Folding the artificial batlike wings of red silk over aluminum tubing against his back, Stephen Weaver dropped his legs beneath him and landed lightly next to his teammates. The Black Angel stepped closer to Bane and Sulak, keeping his voice low. "There's some weird Zhune mechanism in the back yard, all right. I didn't spot any sentries."

Watching the cottage halfway down the hill from where they stood concealed in the trees, Jeremy Bane did not answer at once. "I haven't seen any movement down there either. I hoped we would get here before Avathor returned."

The third member of the Tel Shai knights loomed up over his friends. Sulak of Androval was only an inch or two taller than his partners, but he was an imposing mass of hard-defined muscle with wide shoulders and a narrow waist. The Melgar was wearing his traditional arena uniform of Royal blue tunic and leggings with white gloves, short boots and sash around his waist. He looked like the gladiator he was. Impressive as he appeared, even that did not hint at the superhuman strength in his body... the Legacy of Malberon.

"We should simply march down there and claim the Zhune apparatus," said the big Melgar. "Avathor being here is bad enough but if Karl Eldritch should show up...!"

Bane made an angry snort. "Our biggest fear, all right. Eldritch has been searching for Zhune relics for years. Every time he locates one, there's a disaster we barely survive." The Dire Wolf was a lean, taut man in the black field suit fitted with a dozen weapons and gimmicks. His grey eyes were unsettling at best but now they were actively intimidating.

Standing next to him, Weaver had unfastened his crested helmet and lifted it off for the moment. He was an American black man with a rather friendly, open face and thoughtful eyes. A thick mustache was his attempt to draw attention away from a slightly large nose. "I've never met this Avathor, captain. As I understand it, he's a Gralic Leech."

"He was a Melgar," Sulak grumbled, "But he was disowned by our King. Now he is a renegade and outcast without honor. Avathor is a living shame to my Race."

The Dire Wolf began moving toward the edge of the hill. Behind them, the remote back road was empty at four in the morning. They hadn't seen another vehicle pass in the hour they had been here watching the cottage set halfway down the hill. To their side was a walk made of flat shale slabs set in the ground, but Bane stayed well away from it. "Sulak, I want you with me.
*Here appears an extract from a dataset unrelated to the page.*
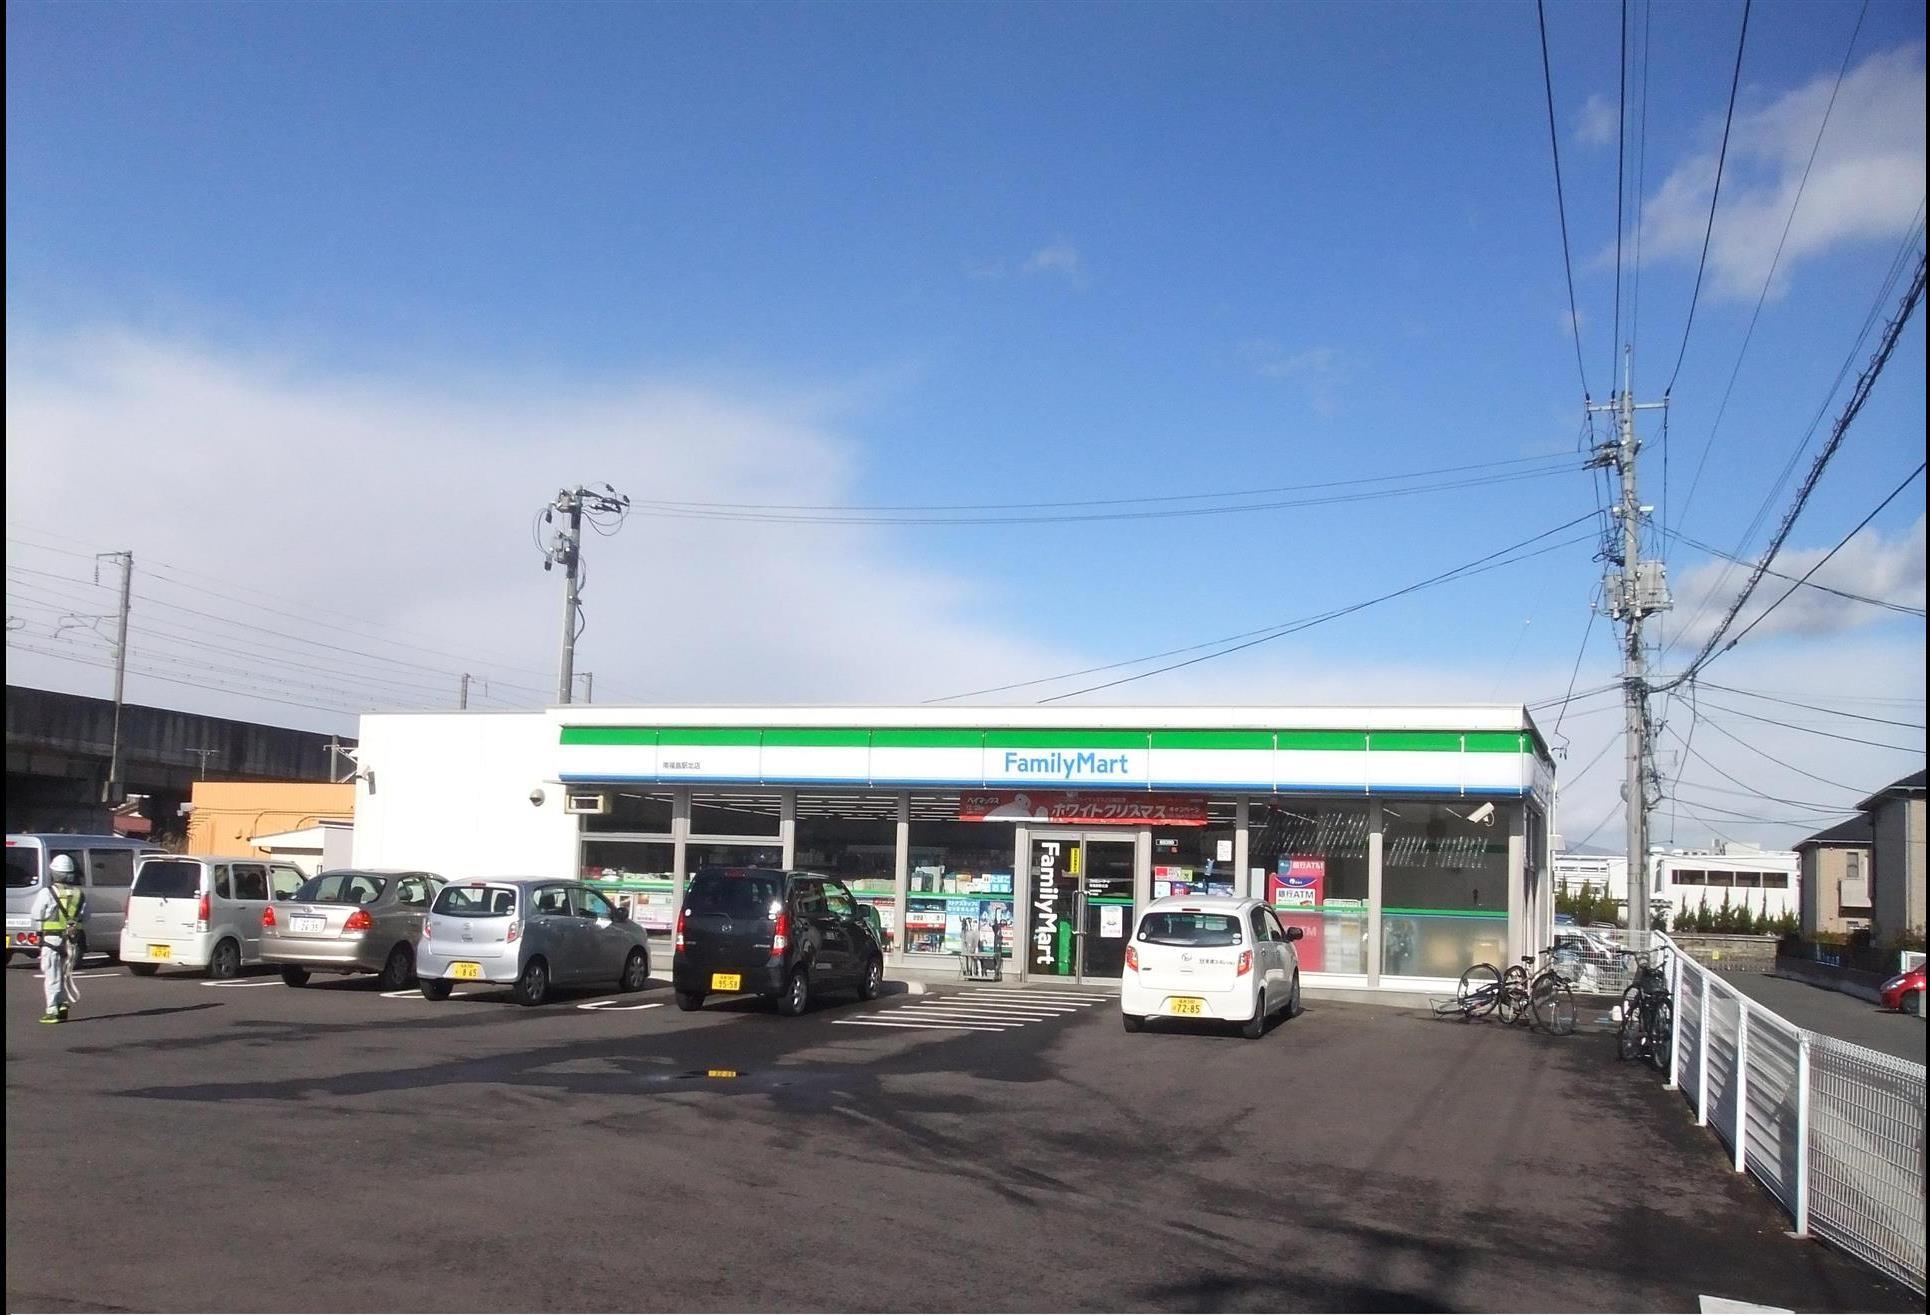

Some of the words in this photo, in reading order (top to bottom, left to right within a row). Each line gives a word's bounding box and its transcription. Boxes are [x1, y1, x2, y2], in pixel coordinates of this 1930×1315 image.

Steve, you should get in the air again and circle around to watch us from the opposite side of the yard. If there's trouble, you're back-up."

"Got it, captain," replied the Black Angel. He lowered the helmet on again, fastened its latches and checked the 45 automatic in the flap holster at his belt. At a command electronically relayed from the muscles in his back, the artifical wings rustled open to their full eight foot span. Without crouching or seeming effort, Weaver shot silently and smoothly straight up into the night air. He was the most gifted levitator known. The secret USAF Black Angel Project had never located another person near his level. Most levitators could barely rise an inch or two off the ground. Weaver could fly.

In the open back yard, where the grass had not started to grow yet after a long winter, a raised round plate of some coppery metal had been set up. It was three feet across and had a single vertical pole rising up to end in a round knob at chest height. The plate itself was incised with intricate patterns that seemed almost like a diagram. From one side of the apparatus, two thick cables of the red metal stretched across the yard to end with a small raised stand from which an identical rod stood up.

"Careful, careful," Bane grumbled. "Stay alert. Let's not jump into this. We'll inspect this outer control first." With Sulak beside him, the Dire Wolf stood near the rod which rose by itself away from the ground plate. "This knob on top activates the mechanism, I guess...."

Swooping down to join them, Black Angel brought his wings together at his back but did not cause them to fold up yet. "Say, Jeremy, I thought only Eldritch knew how to work these Zhune gadgets?"

"He's the only one who can charge them up," Bane answered, peering at the esoteric markings on the rod but unable to make any sense of them. "Eldritch learned the secret knowledge of Zhune and so far no one else has figured it out. But once a relic is charged with the primal atomic fire, anyone can use it."

"And Avathor, of all people, has recovered this one," Weaver said. "Bad news any way you look at it."

"Wait." Sulak was digging his boots into the loose earth that they stood upon. "Is it my imagination...?"

Bane swung around sharply. It was the first time his friends had seen him with his nerves obviously on edge. "What?"

"There's something under this dirt, captain," the big Melgar said as he rubbed his toe to clear away a gleam of the coppery metal. "By the White Horse, look."

In the instant that all three Tel Shai knights were staring in horror down at the ground, at the opposite end of the yard a huge dark figure leaped up from concealment near the metal plate. Avathor's hand clamped down on the control rod and twisted the knob atop it. The night vanished in a glare of intolerable white light that no living eye could endure, there was a roaring rush like a river around them, and the three men fell to the ground as it they had been struck dead. Then everything faded to normal.

Standing on the steaming metal plate, watching his enemies drop senseless, Avathor could not restrain his laughter. The Gralic Leech was several inches over six feet high, his powerfully built body concealed in dark tunic and pants, with high riding boots. His skin was so deeply tanned as to itself resemble copper, but short-cropped blond hair lowered to a widow's-peak over blue eyes. Finally, he managed to control his laughter enough to speak.

" 'I teach you the Superman,'" he quoted in his booming voice. "'Man is something to be surpassed.' Nietzsche was foretelling ME!"

the rest of the story )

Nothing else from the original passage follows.